■ ACTION ITEM: For every entry below, retype it exactly as it reads.

STORED DATA START

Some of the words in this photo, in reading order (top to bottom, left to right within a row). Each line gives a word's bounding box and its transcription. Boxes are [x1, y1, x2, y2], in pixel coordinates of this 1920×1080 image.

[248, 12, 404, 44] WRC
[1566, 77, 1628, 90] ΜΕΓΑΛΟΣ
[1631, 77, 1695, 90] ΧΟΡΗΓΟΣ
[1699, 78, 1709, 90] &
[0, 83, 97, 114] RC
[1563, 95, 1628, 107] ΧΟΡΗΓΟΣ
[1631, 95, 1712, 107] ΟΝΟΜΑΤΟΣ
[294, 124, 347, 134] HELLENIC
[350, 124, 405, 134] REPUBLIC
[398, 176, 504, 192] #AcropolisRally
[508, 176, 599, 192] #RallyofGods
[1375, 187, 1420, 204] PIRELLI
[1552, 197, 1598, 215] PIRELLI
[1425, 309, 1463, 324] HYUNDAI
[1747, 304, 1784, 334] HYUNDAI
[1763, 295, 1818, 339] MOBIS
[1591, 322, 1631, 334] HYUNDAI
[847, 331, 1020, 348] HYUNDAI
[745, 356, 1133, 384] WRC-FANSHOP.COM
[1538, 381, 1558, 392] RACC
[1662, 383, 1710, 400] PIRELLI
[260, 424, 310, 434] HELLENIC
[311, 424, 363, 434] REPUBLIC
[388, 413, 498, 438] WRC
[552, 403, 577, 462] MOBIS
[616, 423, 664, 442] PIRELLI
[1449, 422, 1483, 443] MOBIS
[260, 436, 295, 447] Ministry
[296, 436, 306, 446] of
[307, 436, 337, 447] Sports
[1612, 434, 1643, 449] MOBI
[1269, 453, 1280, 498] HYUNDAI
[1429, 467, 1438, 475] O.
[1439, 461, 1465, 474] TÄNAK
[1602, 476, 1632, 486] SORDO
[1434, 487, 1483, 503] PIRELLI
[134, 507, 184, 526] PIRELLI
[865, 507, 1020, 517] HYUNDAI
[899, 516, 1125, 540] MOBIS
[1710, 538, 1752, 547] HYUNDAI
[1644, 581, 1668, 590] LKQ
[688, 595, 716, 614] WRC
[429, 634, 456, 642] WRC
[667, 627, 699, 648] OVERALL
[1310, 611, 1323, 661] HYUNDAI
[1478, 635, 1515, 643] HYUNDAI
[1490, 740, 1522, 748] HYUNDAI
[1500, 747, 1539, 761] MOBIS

STORED DATA END

■ SOLUTION:
Some of the words in this photo, in reading order (top to bottom, left to right within a row). Each line gives a word's bounding box and its transcription. Boxes are [x1, y1, x2, y2], in pixel coordinates of this 1920×1080 image.

[248, 12, 404, 44] WRC
[1566, 77, 1628, 90] ΜΕΓΑΛΟΣ
[1631, 77, 1695, 90] ΧΟΡΗΓΟΣ
[1699, 78, 1709, 90] &
[0, 83, 97, 114] RC
[1563, 95, 1628, 107] ΧΟΡΗΓΟΣ
[1631, 95, 1712, 107] ΟΝΟΜΑΤΟΣ
[294, 124, 347, 134] HELLENIC
[350, 124, 405, 134] REPUBLIC
[398, 176, 504, 192] #AcropolisRally
[508, 176, 599, 192] #RallyofGods
[1375, 187, 1420, 204] PIRELLI
[1552, 197, 1598, 215] PIRELLI
[1425, 309, 1463, 324] HYUNDAI
[1747, 304, 1784, 334] HYUNDAI
[1763, 295, 1818, 339] MOBIS
[1591, 322, 1631, 334] HYUNDAI
[847, 331, 1020, 348] HYUNDAI
[745, 356, 1133, 384] WRC-FANSHOP.COM
[1538, 381, 1558, 392] RACC
[1662, 383, 1710, 400] PIRELLI
[260, 424, 310, 434] HELLENIC
[311, 424, 363, 434] REPUBLIC
[388, 413, 498, 438] WRC
[552, 403, 577, 462] MOBIS
[616, 423, 664, 442] PIRELLI
[1449, 422, 1483, 443] MOBIS
[260, 436, 295, 447] Ministry
[296, 436, 306, 446] of
[307, 436, 337, 447] Sports
[1612, 434, 1643, 449] MOBI
[1269, 453, 1280, 498] HYUNDAI
[1429, 467, 1438, 475] O.
[1439, 461, 1465, 474] TÄNAK
[1602, 476, 1632, 486] SORDO
[1434, 487, 1483, 503] PIRELLI
[134, 507, 184, 526] PIRELLI
[865, 507, 1020, 517] HYUNDAI
[899, 516, 1125, 540] MOBIS
[1710, 538, 1752, 547] HYUNDAI
[1644, 581, 1668, 590] LKQ
[688, 595, 716, 614] WRC
[429, 634, 456, 642] WRC
[667, 627, 699, 648] OVERALL
[1310, 611, 1323, 661] HYUNDAI
[1478, 635, 1515, 643] HYUNDAI
[1490, 740, 1522, 748] HYUNDAI
[1500, 747, 1539, 761] MOBIS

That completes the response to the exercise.